Le bouillonnant CEO devient ce patron maladroit par qui les bourdes et les mauvaises décisions arrivent, et pour ne rien arranger Apple commence à dépasser Microsoft sur l’ensemble des indicateurs économiques : chiffre d’affaires, bénéfices, capitalisation, cash disponible. Microsoft baisse la tête face à son ancien concurrent de toujours et Ballmer semble impuissant à rectifier le tir.

Le deal passé avec Nokia pour lancer Windows Phone 8 sur smartphone laisse entendre que Ballmer a peut-être enfin trouvé le bon mojo et que Microsoft va éviter de se voir recaler dans un marché de niche du PC professionnel. Mais le soufflé retombe vite. Les part de marché restent très faibles, les ventes de la Windows RT sont une catastrophe et cela fait maintenant quelques mois qu’un tabou est tombé : la tête de Ballmer pourrait bientôt tomber.
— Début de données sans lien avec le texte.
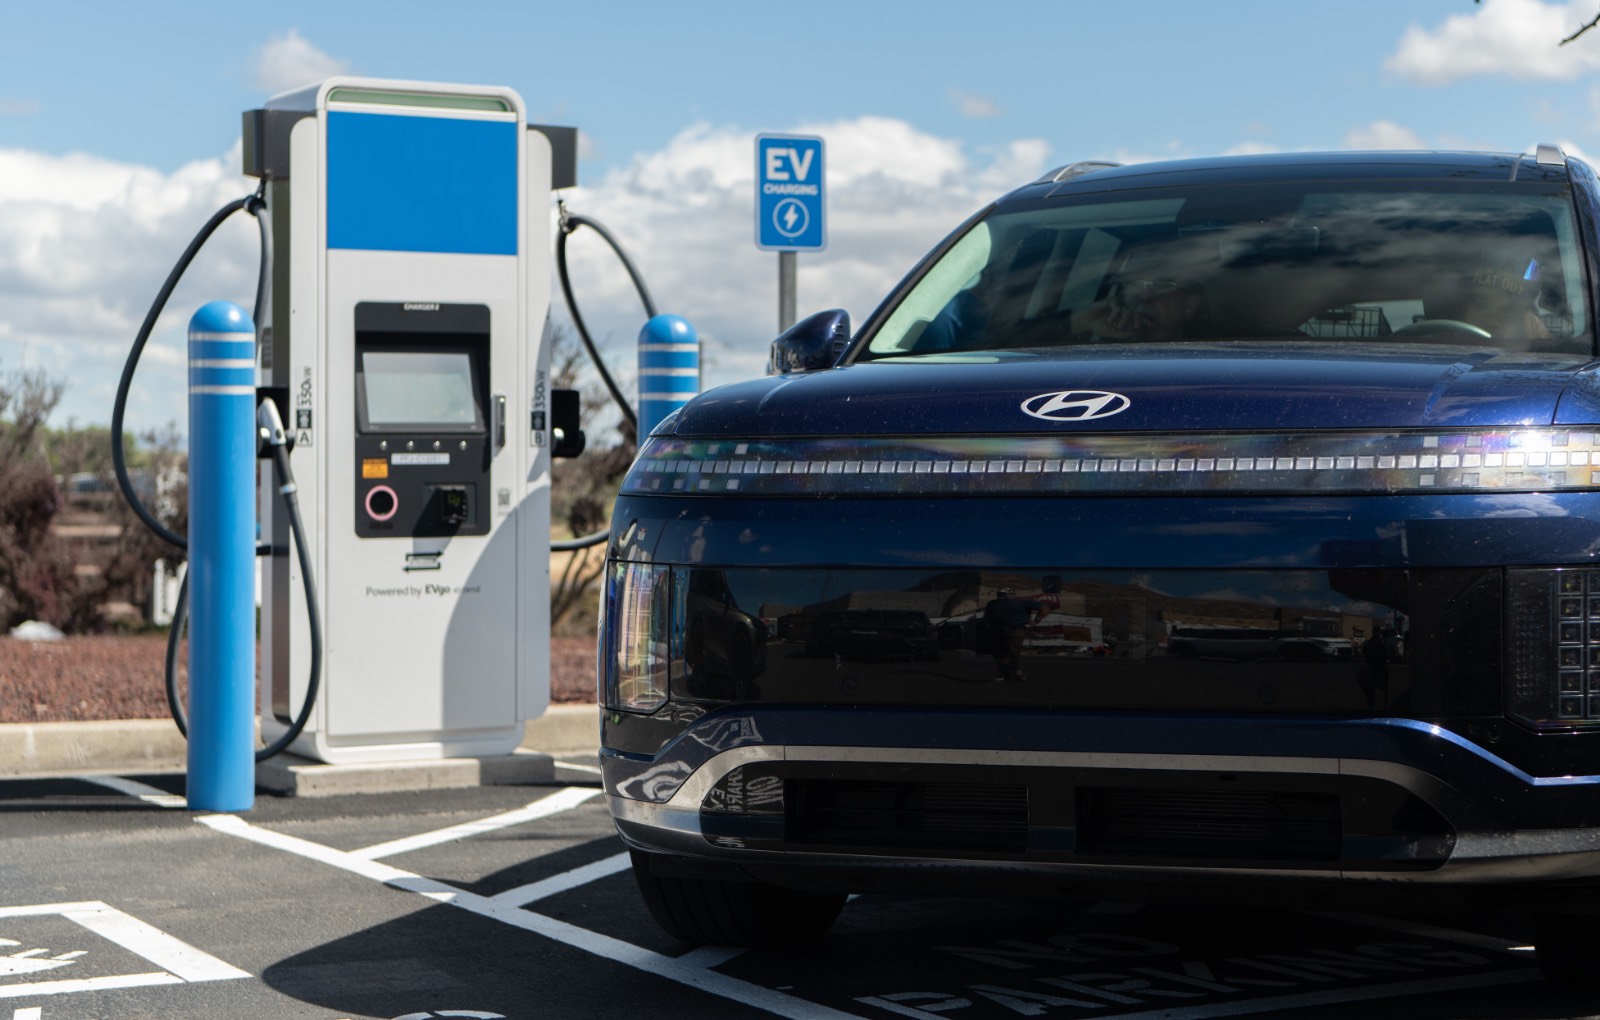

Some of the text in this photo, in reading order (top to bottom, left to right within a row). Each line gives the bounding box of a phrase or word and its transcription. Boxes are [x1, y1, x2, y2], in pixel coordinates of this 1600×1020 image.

Il faut dire que le monde informatique a bien changé. Mis à part Apple et Lenovo, les anciens acteurs de l’informatique traditionnelle souffrent terriblement dans les ventes, sans même parler de bénéfices quasi nuls. HP envisage même un temps de se débarrasser de sa division PC. Les acteurs émergents qui plombent cet univers en capilotade sont les fabricants de tablettes et de smartphones, dont fait parti à nouveau Apple. Les atermoiements de Microsoft sur ces segments, les erreurs de communication, les retards de stratégie qui auront vu Windows 8 arriver bien trop tard sur un marché déjà occupé par deux leaders en position de force, toutes ces gamelles auront donc fini par convaincre que Ballmer, malgré toute sa passion et son énergie pour Microsoft, n’aura pas eu le nez assez creux pour anticiper les nouveaux marchés à forte croissance.

Exit donc la figure emblématique de Microsoft, comme celles de nombreux autres cadres de renoms ces dernières années : Ozzie et Sinofski sont priés de rejoindre la sortie, victimes eux aussi collatérales d’une incapacité de l’entreprise à se réformer en profondeur, victimes aussi de l’incapacité à faire comprendre au grand public l’intérêt de tous ces changements. Dans ce contexte houleux, et face à une concurrence acharnée, Microsoft va devoir très vite se trouver un leader capable de tenir le gouvernail de ce qui a fini par ressembler à un vieux cargo un peu rouillé. Clairement, ce ne sera pas facile.